Why come people want to get to know somebody, but don't know themselves?
Why come Edw is my white brother from another mother?
Why come Sos is unique in her expression and way of thinking and I love that she doesn't care?
Why come I attract really nice good guys who have religious theology that is so different from mine we would never be equally yoked? S*cks, why come!!??
Why come PJ, SirJames, and MOG like to fuss on the forums EVERYDAY :toomuch:? Yeah, I said it.
Why come I don't feel quite as comfortable wearing blue, glittery nail polish now as I did a few years ago? I'm not growing up, am I? Because that could be so boring.
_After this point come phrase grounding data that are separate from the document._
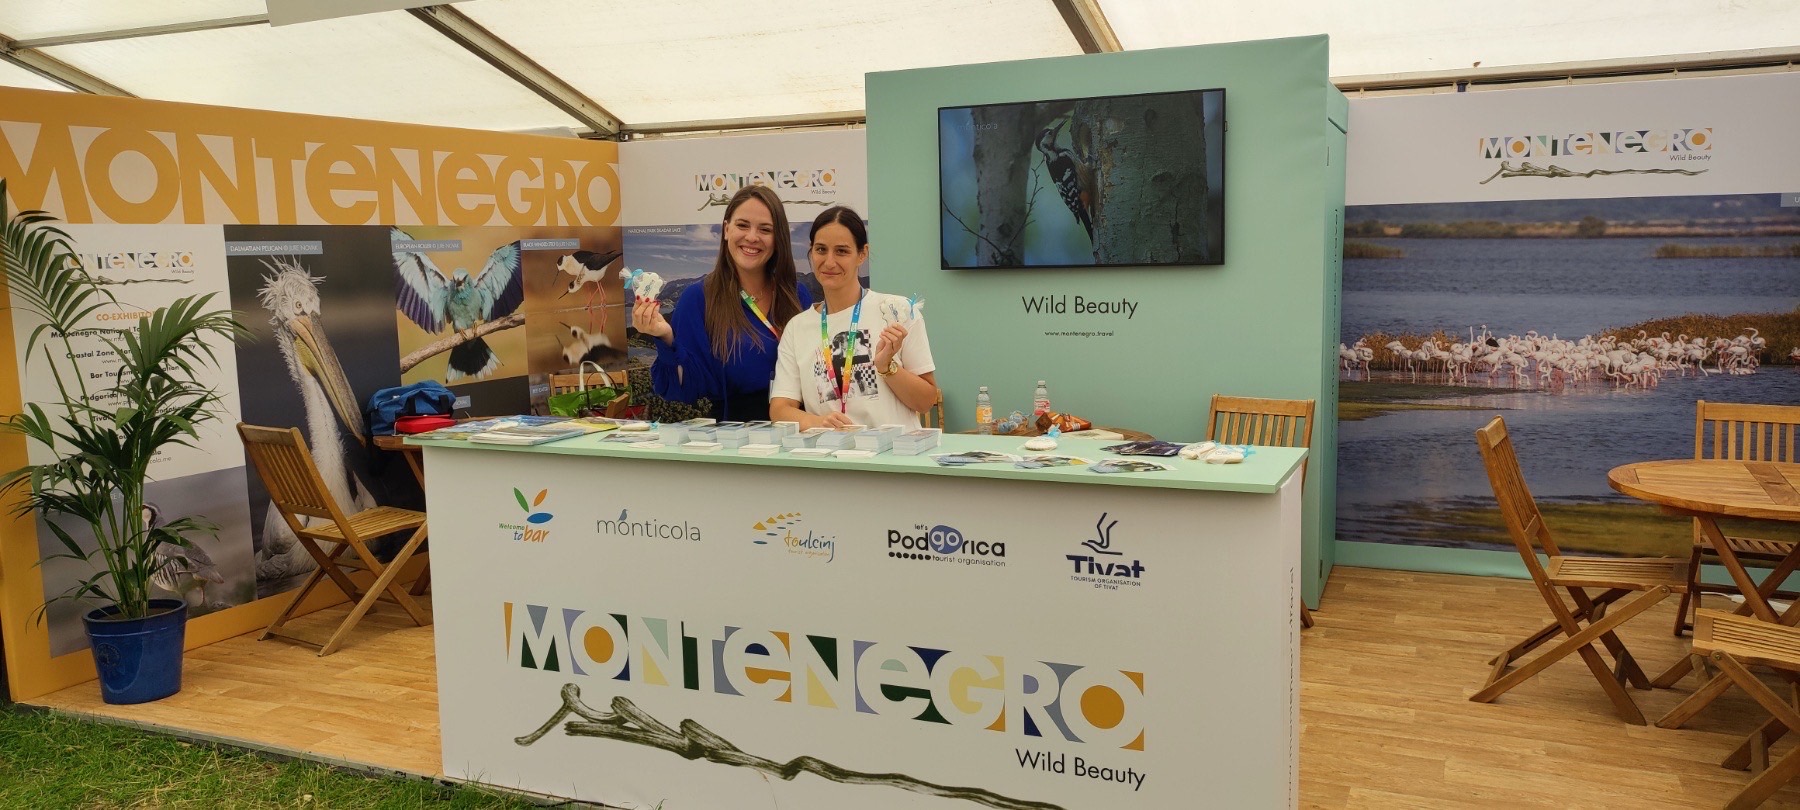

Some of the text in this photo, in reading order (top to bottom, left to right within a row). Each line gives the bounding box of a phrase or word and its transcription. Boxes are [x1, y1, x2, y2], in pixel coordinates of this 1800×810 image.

[1669, 152, 1712, 161] Wild Beauty
[1022, 294, 1139, 320] Wild Beauty
[96, 311, 155, 321] CO-EXHIBITO
[1044, 330, 1115, 338] www.montenegro.travel
[596, 518, 701, 542] monticola
[914, 523, 928, 531] let's
[513, 524, 550, 543] to bar
[932, 555, 1006, 567] tourist organisation
[1065, 554, 1146, 579] Tivat
[1070, 575, 1141, 587] TOURISM ORGANISATION
[1015, 748, 1146, 791] Wild Beauty
Why come I'm so proud Nyanda passed her course work?...keeep up the good work!:applause::bow:
Why come Nyanada got that right, Ima gonna punch BG's 60 watts lights down to 25 watt?:ROFL:
Why come BG is so mean to Spring, GL and me, just because we're seasoned...old folks? ... maybe she knows she's just around the corner climbing the hill toward 40?:dancingp:
Why come some people have everything they want, but have nothing they need,, and are always borrowing from you?:rolleyes::excited::ROFL:
Why come patience is a long suffering WAIT?:zzzz:
Why come being a witness for Christ means being visible to God?:glow:
Why come before you washed your dirty clothes there appears to be so many things, but after the wash there isn't that much?
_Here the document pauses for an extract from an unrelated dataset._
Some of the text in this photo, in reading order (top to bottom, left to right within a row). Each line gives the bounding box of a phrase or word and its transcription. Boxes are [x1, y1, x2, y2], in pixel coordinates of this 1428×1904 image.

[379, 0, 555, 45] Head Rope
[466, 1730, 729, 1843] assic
Why come I'm soooo very lazzzze today?:zzzz::excited:
Why come some guys wear lipstick? I don't even like lipstick...
Why come, despite my profile revision, guys just aren't understanding that I really am only here for friendship and the forums?
Why come I have to try so hard to not be snotty in my replies to such men?
Why come I think you all should make homemade olive oil scrub because it smells so wonderful and makes your skin sooo silky soft? Why come it is so easy to make? All you have to do is dump in sugar (the gritty kind, not the powdered one or the brown one) and olive oil together in a shower appropriate container.
Why come I need to run some errands but don't want to go outside because it looks like it might rain? =(
Why come my mother doesn't understand why I wear flip flops in the rain? Why come the sky doesn't understand I have this deep NEED to wear flip flops and that it should hold off on the rain accordingly??
Why come I have tons of shoes when I wear cheap flip flips almost all of the time?
Why come my blue, glittery nail polish looks like it belongs in the 80s? Why come I'll wear it anyway until it starts to chip badly?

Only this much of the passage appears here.